Quote Originally Posted by weston View Post
I like your style saaya, you put a lot of thought into your posts!
sometimes

Quote Originally Posted by Bobsama View Post
The only thing, from a business standpoint, that you seemed to have forgotten is the impact of customer loyalty. My own assumption is that if the nVidia solution is within 10% performance of the AMD solution (meaning nVidia = 90%, AMD = 100%), the broader market will prefer nVidia. For a bit of proof on this assumption, take a look at how popular the 8500GT's, 8600GT's, 9500GT's, and GT220's are in the mass market, when compared to the HD3650's, HD4550's, HD4650's, and HD4670's. The AMD solutions are faster, priced similarly, but much less popular.
well, i took the prices from newegg because its the most popular shop in the us, by far, and there is no better way to meassure supply vs demand than to look at what people are willing to pay for a product, right?
there are always people that are willing to pay more, but i dont think they make up such a big percentage... if they would, then the average sales price on newegg would rise... get what i mean?
newegg prices are a good reference point imo for average demand of a product...

and the reason why the cards you mentioned were so popular was largely affected by oem deals i think... the cards you mentioned are the type of cards oem pick and system builders pick... thats a different animal alltogether... even guessing demand in the oem market is beyond anything you can achieve with google as your only research tool

i think nvidia has good relations with oems because they have a very tight grip on their board partners and supply, and can allocate huge amounts of cards if they want to... so if HP wants loooooots of cards, nvidia can basically make the deal and then tell different board partners to each send HP x amount of cards for y price. i think ati hasnt been able to deliver huge orders so well in the past... but im just speculating here...

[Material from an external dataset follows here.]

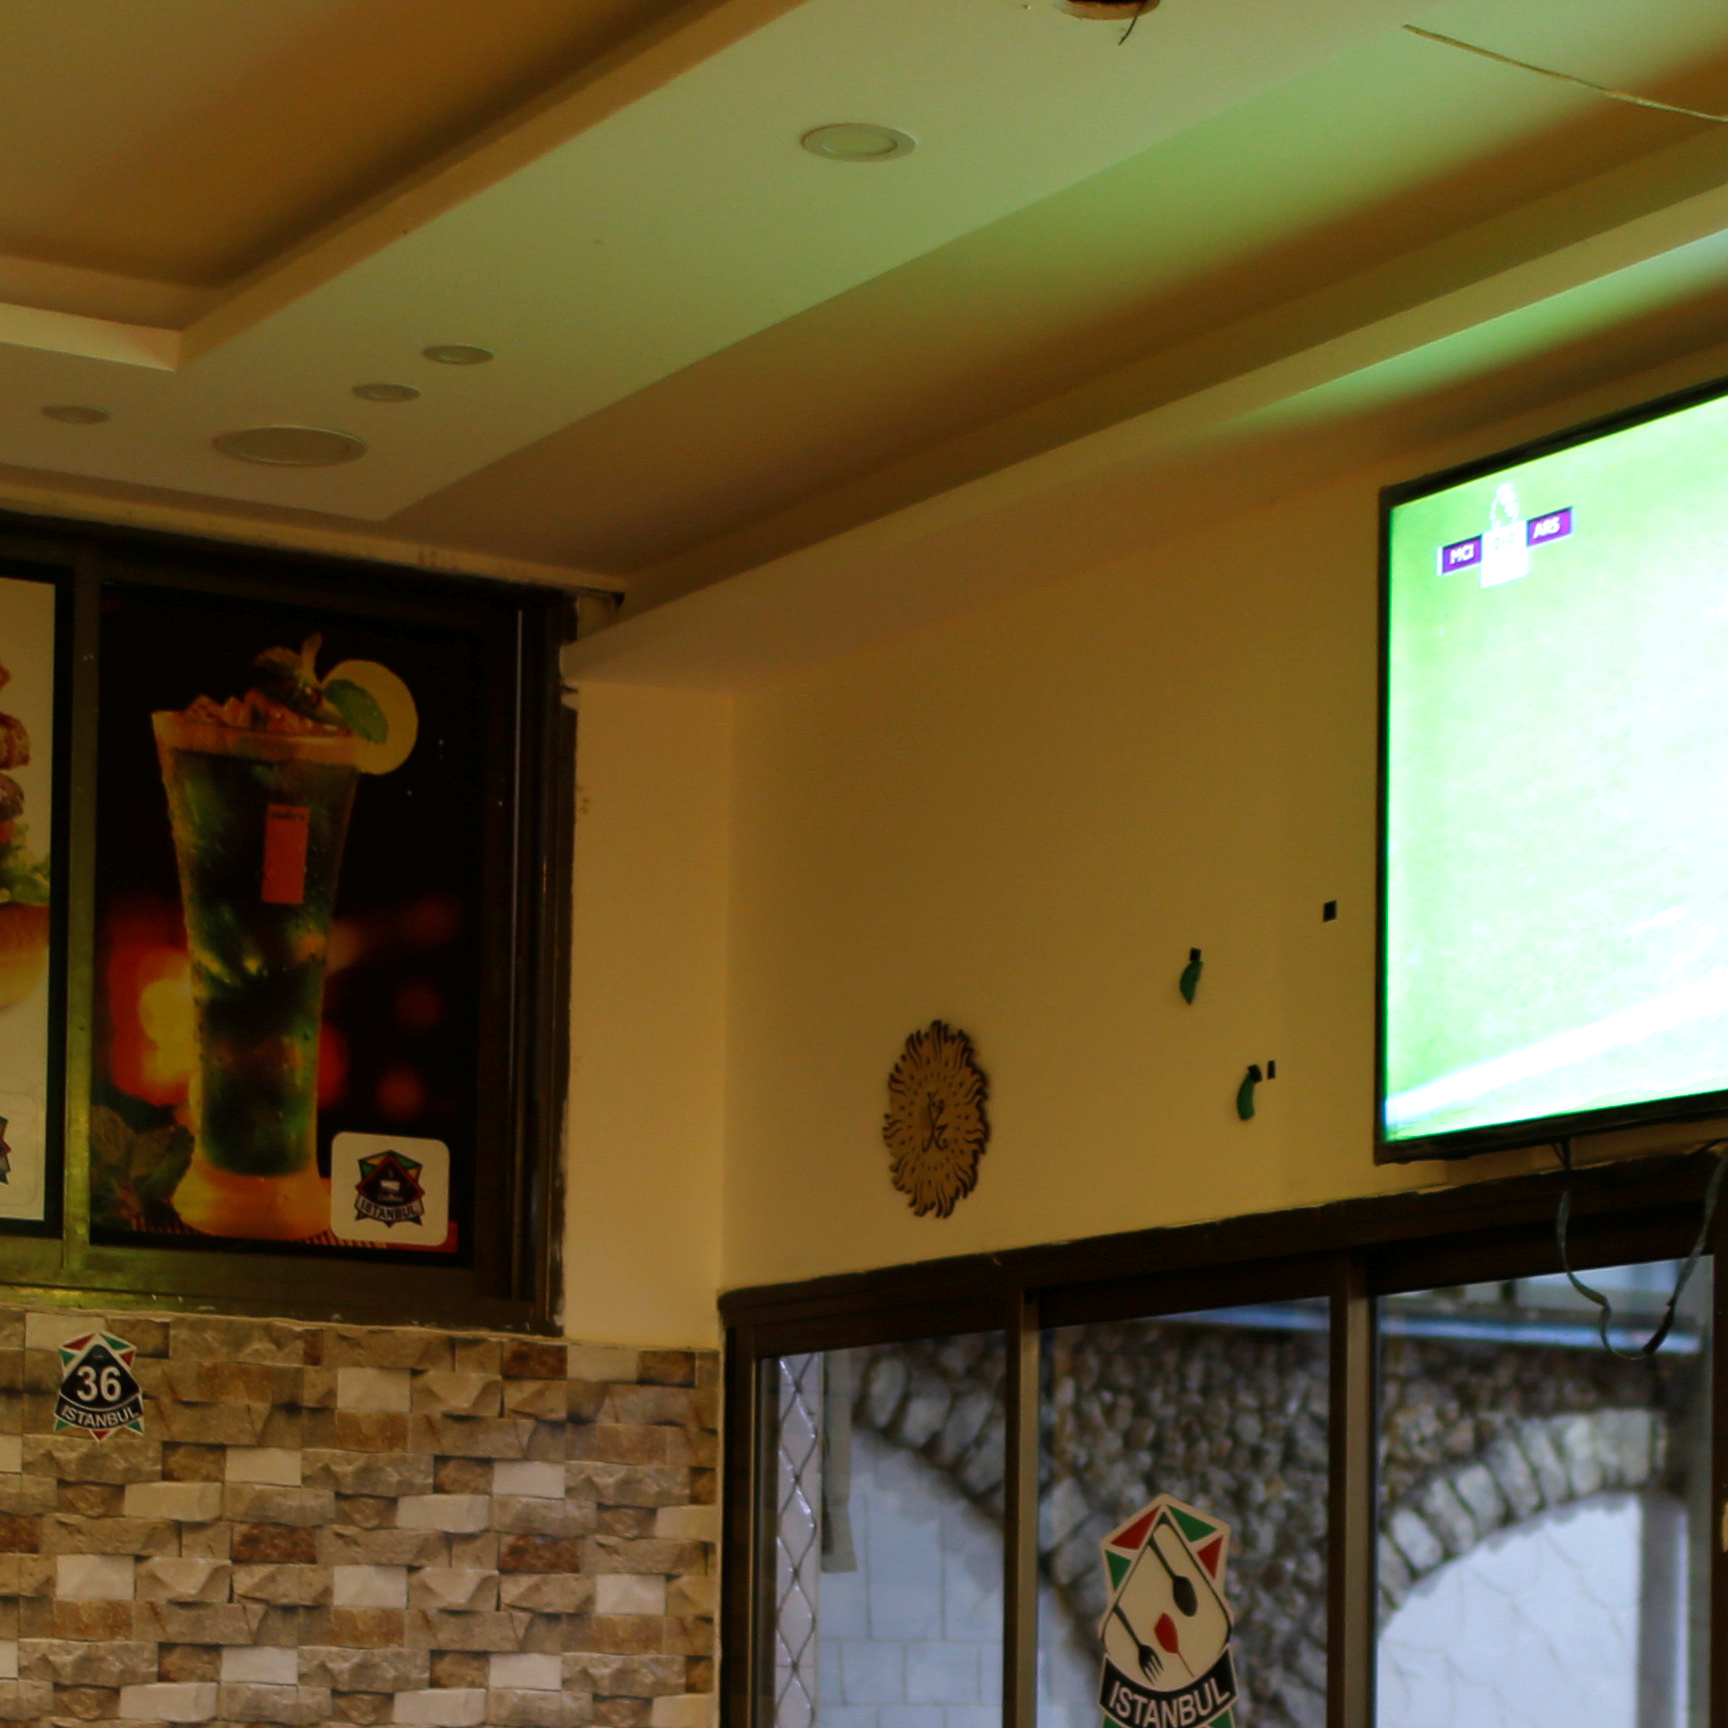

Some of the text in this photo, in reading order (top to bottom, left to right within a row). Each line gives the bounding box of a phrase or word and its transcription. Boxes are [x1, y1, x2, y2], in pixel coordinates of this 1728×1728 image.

[359, 1198, 417, 1219] ISTANBUL
[76, 1365, 122, 1402] 36
[61, 1405, 140, 1427] ISTANBUL

Quote Originally Posted by Iconyu View Post
Actually, Carmack said that Rage doesn't look that great because the game is designed to run at 60fps, that's the target framerate and the detail level reflects this.

Doom 4 however will be aiming at 30fps on the same (maybe even tweeked) engine, this will show how advanced the engine really is.

Edit: Sorry I should really have looked for a link to back this statement up. http://www.shacknews.com/onearticle.x/53713
i dont like the idea of 30fps... and i really dont like all those fps limitations in ut3 and doom3 engines that supposedly make the gameplay more fluid... if it works, cool... but so far i found it very annoying and not very useful...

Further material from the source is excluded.